- Opening Delimiter -
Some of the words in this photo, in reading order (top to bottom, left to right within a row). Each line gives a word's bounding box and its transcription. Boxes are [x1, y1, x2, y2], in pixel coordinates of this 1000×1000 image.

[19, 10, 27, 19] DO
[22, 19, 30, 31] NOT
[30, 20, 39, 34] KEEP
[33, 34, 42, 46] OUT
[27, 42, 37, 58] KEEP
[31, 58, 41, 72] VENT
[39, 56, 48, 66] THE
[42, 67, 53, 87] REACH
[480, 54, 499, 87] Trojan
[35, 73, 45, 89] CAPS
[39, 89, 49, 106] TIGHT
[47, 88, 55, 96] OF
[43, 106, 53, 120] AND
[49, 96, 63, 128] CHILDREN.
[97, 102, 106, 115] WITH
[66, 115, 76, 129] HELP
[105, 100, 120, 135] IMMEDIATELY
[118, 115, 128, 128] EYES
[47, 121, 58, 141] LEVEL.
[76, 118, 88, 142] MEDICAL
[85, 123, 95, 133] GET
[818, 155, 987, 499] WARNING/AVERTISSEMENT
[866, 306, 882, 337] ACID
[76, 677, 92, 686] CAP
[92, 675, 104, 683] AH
- Closing Delimiter -
Return the data in full, with each line kept exactly as it is.

Some of the words in this photo, in reading order (top to bottom, left to right within a row). Each line gives a word's bounding box and its transcription. Boxes are [x1, y1, x2, y2], in pixel coordinates of this 1000×1000 image.

[19, 10, 27, 19] DO
[22, 19, 30, 31] NOT
[30, 20, 39, 34] KEEP
[33, 34, 42, 46] OUT
[27, 42, 37, 58] KEEP
[31, 58, 41, 72] VENT
[39, 56, 48, 66] THE
[42, 67, 53, 87] REACH
[480, 54, 499, 87] Trojan
[35, 73, 45, 89] CAPS
[39, 89, 49, 106] TIGHT
[47, 88, 55, 96] OF
[43, 106, 53, 120] AND
[49, 96, 63, 128] CHILDREN.
[97, 102, 106, 115] WITH
[66, 115, 76, 129] HELP
[105, 100, 120, 135] IMMEDIATELY
[118, 115, 128, 128] EYES
[47, 121, 58, 141] LEVEL.
[76, 118, 88, 142] MEDICAL
[85, 123, 95, 133] GET
[818, 155, 987, 499] WARNING/AVERTISSEMENT
[866, 306, 882, 337] ACID
[76, 677, 92, 686] CAP
[92, 675, 104, 683] AH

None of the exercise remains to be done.